- _Task prompt_
Before copying, remove every picture, and then repeat all entries below precisely as written.

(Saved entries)
#####
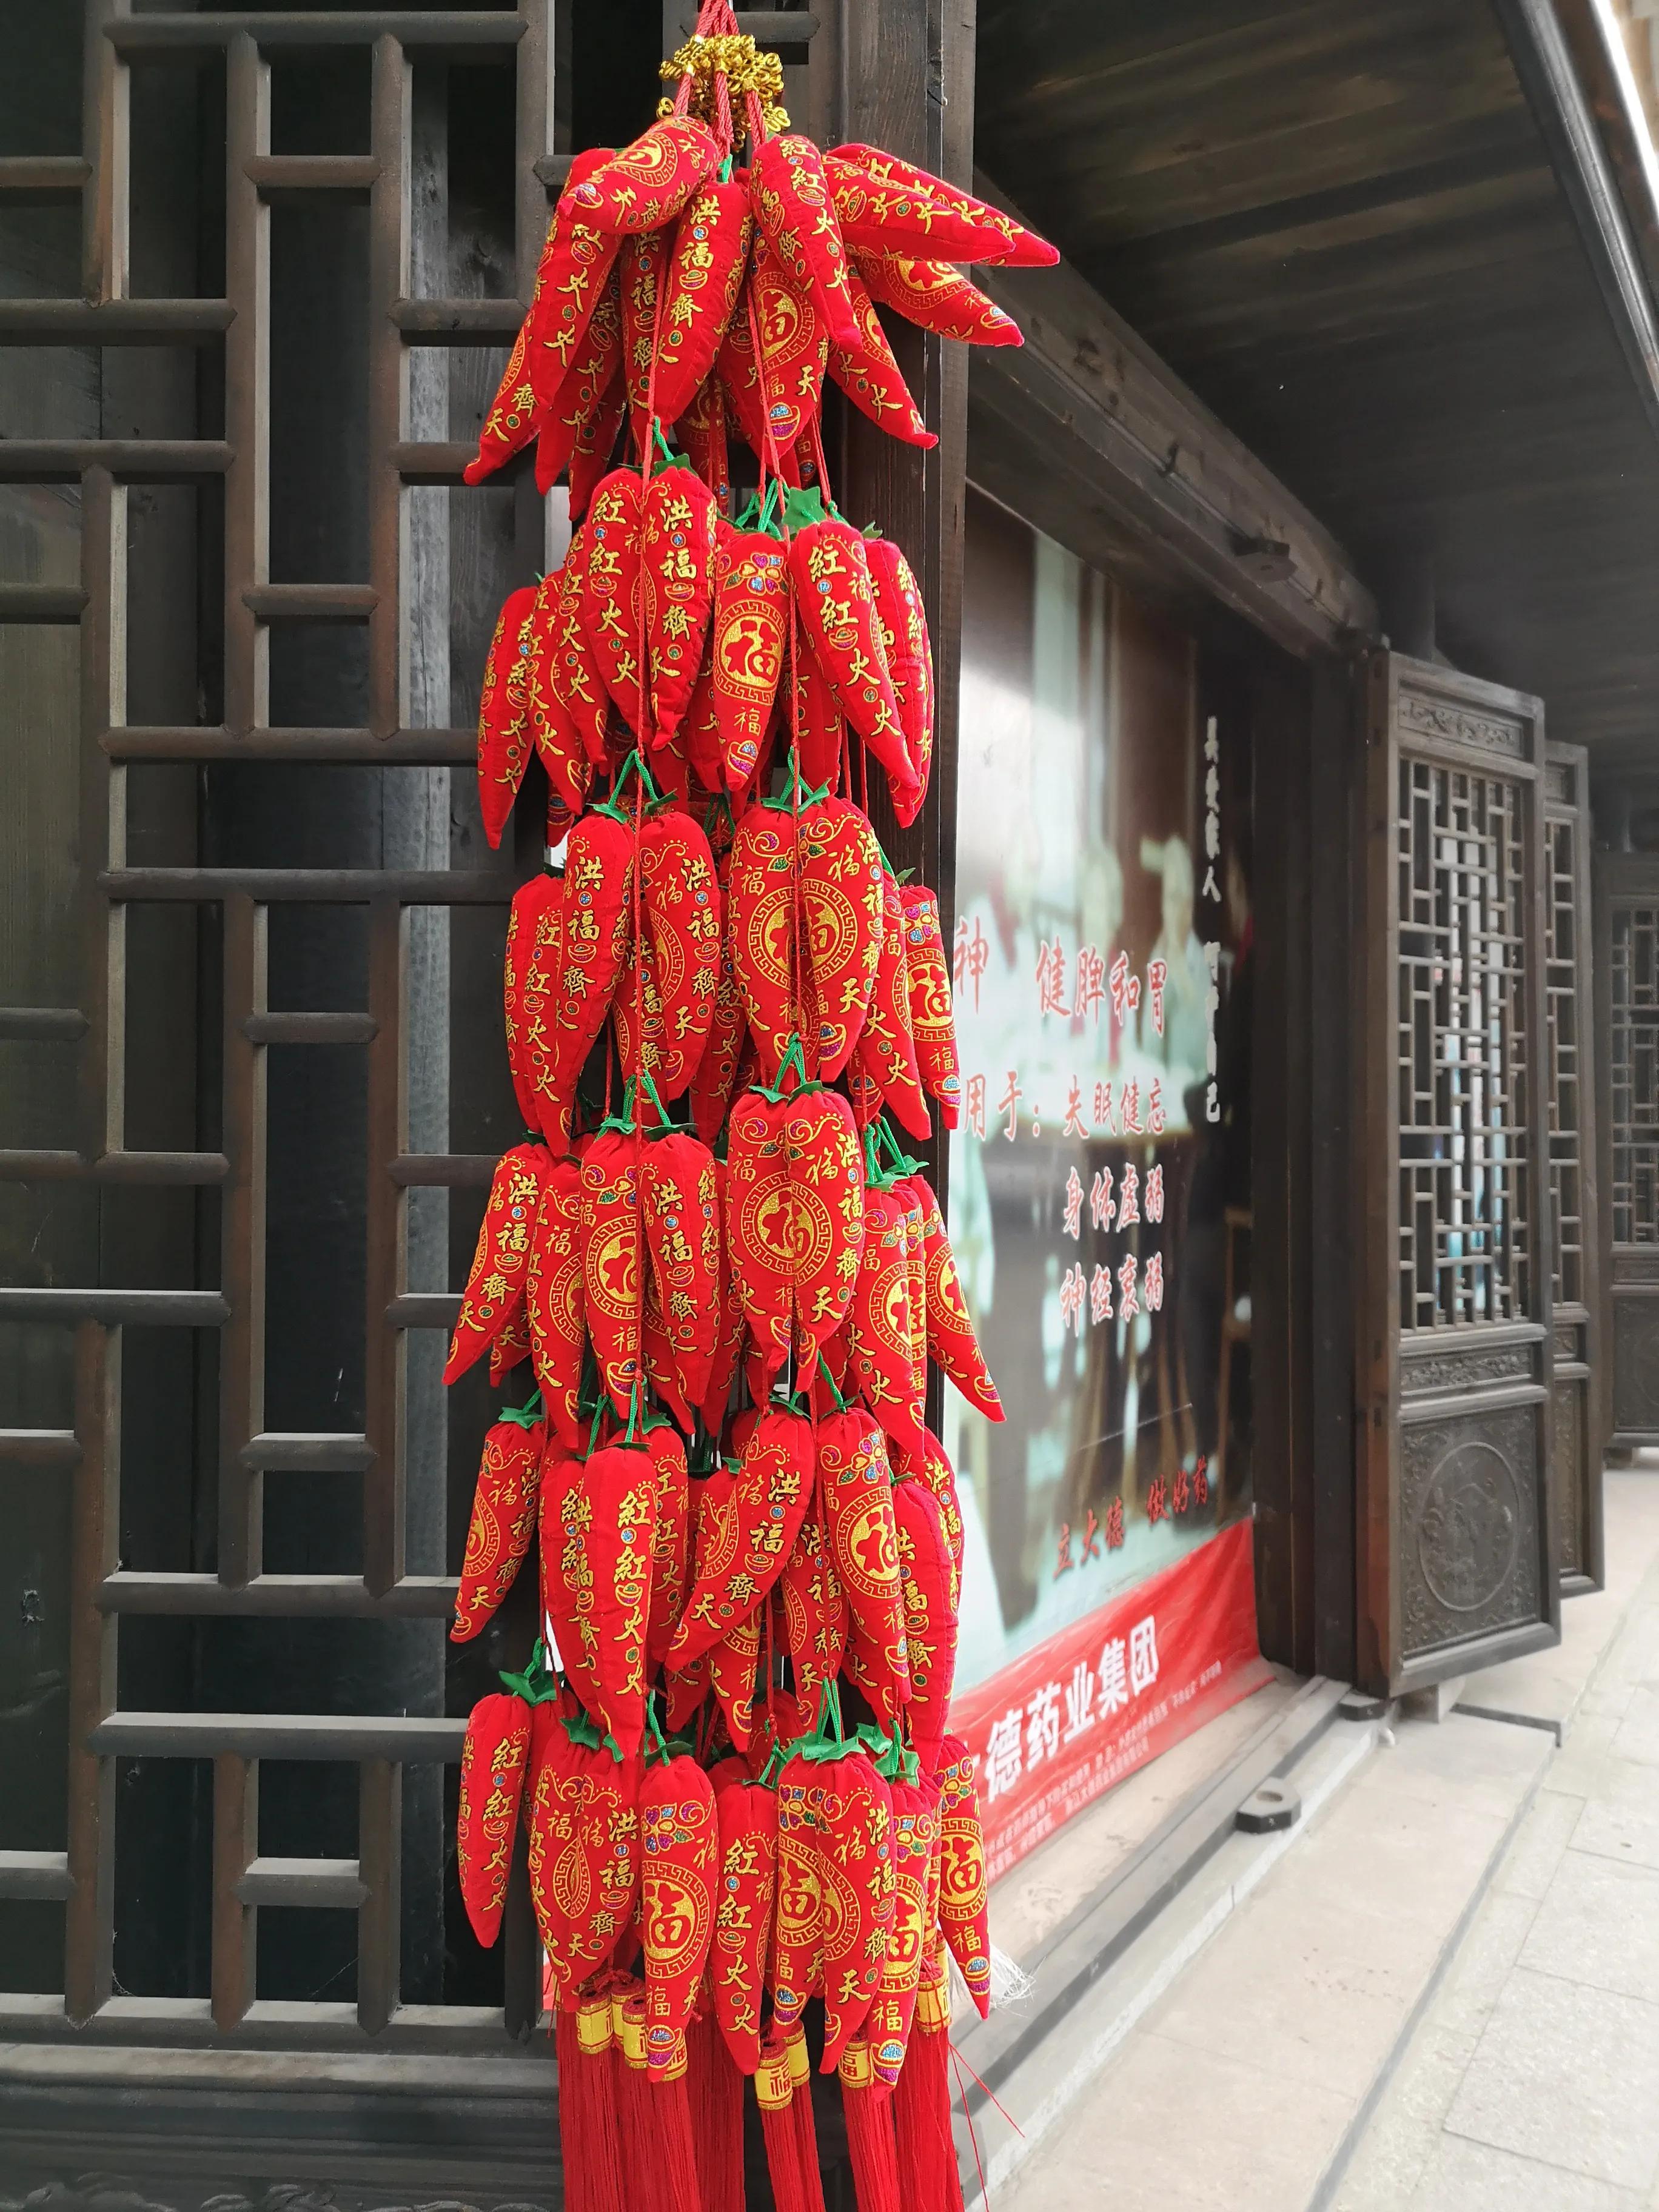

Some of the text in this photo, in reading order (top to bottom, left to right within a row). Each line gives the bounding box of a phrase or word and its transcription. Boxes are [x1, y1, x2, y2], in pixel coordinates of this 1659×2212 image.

[778, 139, 850, 305] 紅紅火火
[591, 491, 642, 689] 紅紅火火
[808, 546, 902, 737] 紅紅火火
[734, 706, 762, 736] 福
[656, 873, 685, 910] 福
[742, 862, 766, 896] 福
[828, 844, 860, 883] 福
[674, 854, 720, 1041] 洪福齊天
[839, 829, 884, 1014] 洪福齊天
[524, 911, 561, 1102] 紅紅火火
[1036, 934, 1168, 1038] 健脾和胃
[929, 1047, 955, 1073] 福
[1062, 1073, 1167, 1141] 失眠健忘
[732, 1151, 757, 1183] 福
[804, 1146, 839, 1187] 福
[1062, 1161, 1165, 1241] 身体虚弱
[457, 1172, 540, 1333] 洪福齊天
[546, 1225, 572, 1258] 福
[811, 1131, 863, 1324] 洪福齊天
[1059, 1251, 1164, 1338] 神经衰弱
[611, 1326, 638, 1353] 福
[488, 1479, 518, 1508] 福
[738, 1472, 765, 1506] 福
[691, 1469, 802, 1631] 洪福齊天
[613, 1489, 652, 1697] 紅紅火火
[964, 1614, 1160, 1805] 德药业集团
[482, 1737, 523, 1912] 紅紅火火
[547, 1810, 573, 1841] 福
[580, 1815, 604, 1848] 福
[834, 1830, 866, 1867] 福
[566, 1807, 640, 1961] 洪福齊天
[836, 1806, 896, 2006] 洪福齊天
[717, 1838, 760, 2035] 紅紅火火
[953, 1926, 982, 1952] 福
[646, 1985, 671, 2017] 福
[872, 1999, 904, 2033] 福
#####
- _Response_
Some of the text in this photo, in reading order (top to bottom, left to right within a row). Each line gives the bounding box of a phrase or word and its transcription. Boxes are [x1, y1, x2, y2], in pixel coordinates of this 1659×2212 image.

[778, 139, 850, 305] 紅紅火火
[591, 491, 642, 689] 紅紅火火
[808, 546, 902, 737] 紅紅火火
[734, 706, 762, 736] 福
[656, 873, 685, 910] 福
[742, 862, 766, 896] 福
[828, 844, 860, 883] 福
[674, 854, 720, 1041] 洪福齊天
[839, 829, 884, 1014] 洪福齊天
[524, 911, 561, 1102] 紅紅火火
[1036, 934, 1168, 1038] 健脾和胃
[929, 1047, 955, 1073] 福
[1062, 1073, 1167, 1141] 失眠健忘
[732, 1151, 757, 1183] 福
[804, 1146, 839, 1187] 福
[1062, 1161, 1165, 1241] 身体虚弱
[457, 1172, 540, 1333] 洪福齊天
[546, 1225, 572, 1258] 福
[811, 1131, 863, 1324] 洪福齊天
[1059, 1251, 1164, 1338] 神经衰弱
[611, 1326, 638, 1353] 福
[488, 1479, 518, 1508] 福
[738, 1472, 765, 1506] 福
[691, 1469, 802, 1631] 洪福齊天
[613, 1489, 652, 1697] 紅紅火火
[964, 1614, 1160, 1805] 德药业集团
[482, 1737, 523, 1912] 紅紅火火
[547, 1810, 573, 1841] 福
[580, 1815, 604, 1848] 福
[834, 1830, 866, 1867] 福
[566, 1807, 640, 1961] 洪福齊天
[836, 1806, 896, 2006] 洪福齊天
[717, 1838, 760, 2035] 紅紅火火
[953, 1926, 982, 1952] 福
[646, 1985, 671, 2017] 福
[872, 1999, 904, 2033] 福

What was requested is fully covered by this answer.